Low factor XIIIA levels are associated with increased blood loss after coronary artery bypass grafting.

Current hematologic approaches to minimize postoperative bleeding have focused principally on antifibrinolytic agents. To explore whether a need might exist to promote clot stabilization independent of steps that might be taken to prevent lysis, we followed levels of the functional A-chain of factor XIII (fibrin stabilizing factor) immunologically in 19 patients undergoing coronary artery bypass grafting.

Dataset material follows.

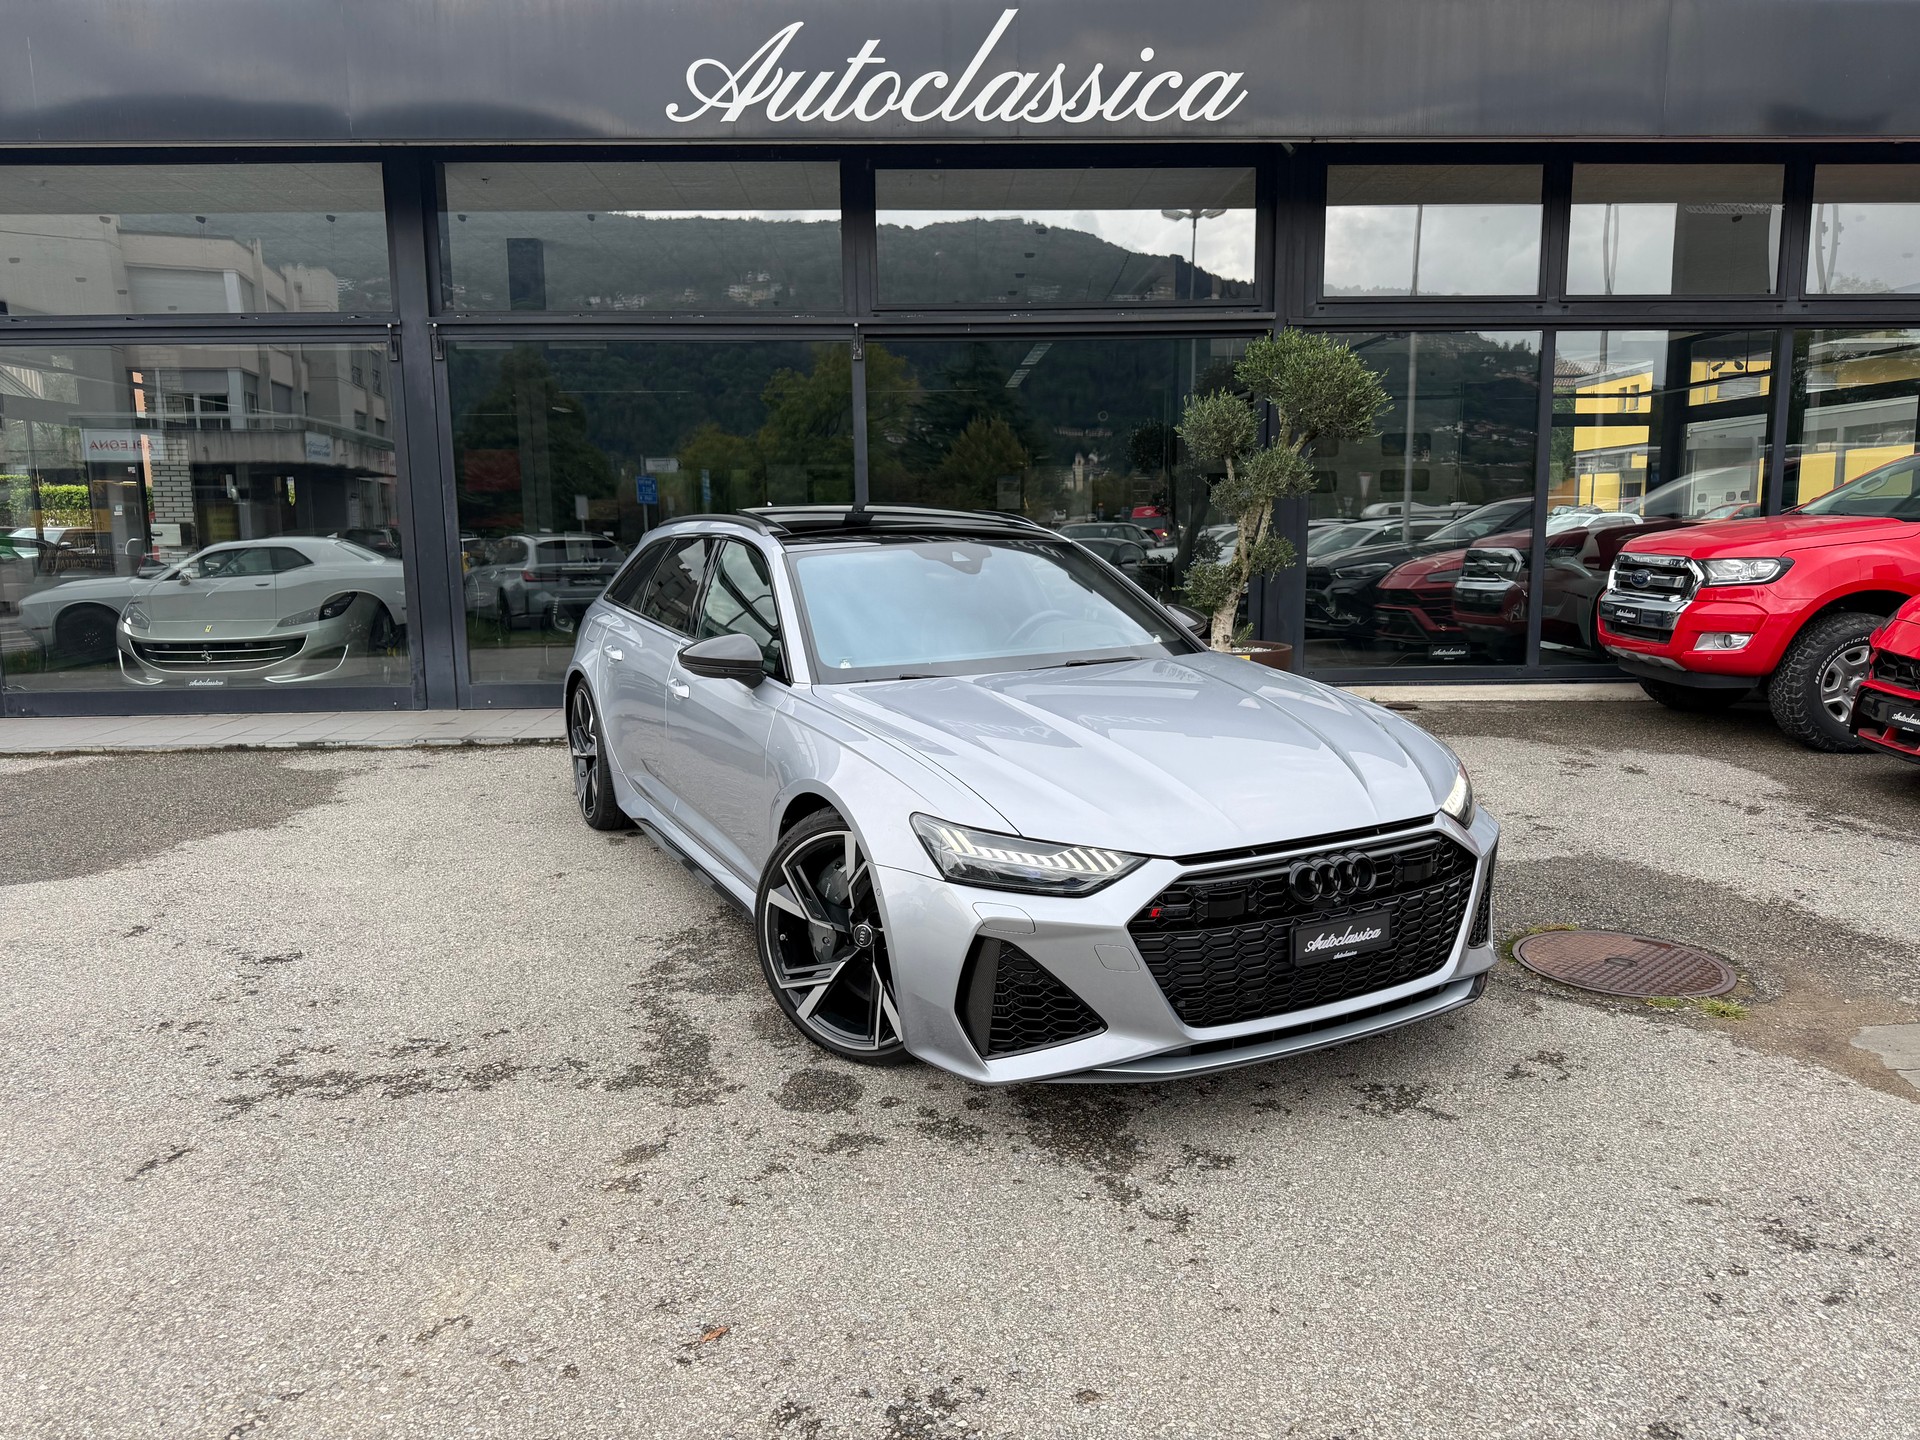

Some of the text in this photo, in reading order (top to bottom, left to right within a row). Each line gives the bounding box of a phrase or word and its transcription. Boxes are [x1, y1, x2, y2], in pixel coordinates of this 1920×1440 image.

The levels of factor XIIIA together with alterations in fibrinogen were followed at five stages of operation: (1) initial catheter placement (control), (2) heparinization, (3) initiation of cardiopulmonary bypass, (4) discontinuation of cardiopulmonary bypass, and (5) heparin neutralization with protamine sulfate. Significant (p < 0.05) inverse correlations were observed between postoperative chest-tube drainage volumes and levels of XIIIA at stages 1 through 3, and borderline associations (p < 0.1) were observed for stages 4 and 5. Pronounced losses of factor XIIIA accompanied initiation of cardiopulmonary bypass, when levels fell to 43% +/- 12% (standard deviation) of the control value, significantly below the 59% +/- 9% of the control value expected from hemodilution. By comparison, fibrinogen concentrations fell only to the extent attributable to hemodilution, unaccompanied by substantial degradation as indicated by electrophoretic, functional, and immunologic assays. There was a reversible heparin-induced precipitation of fibrin complexes and fibrinogen dimers from the blood on initiation of hypothermia, but these components returned to the circulation on restoration of normothermia. This precipitation was unrelated to losses of factor XIIIA. The findings warrant inference that XIIIA supplementation in deficient states should be considered as an adjunct to other therapies for postoperative bleeding.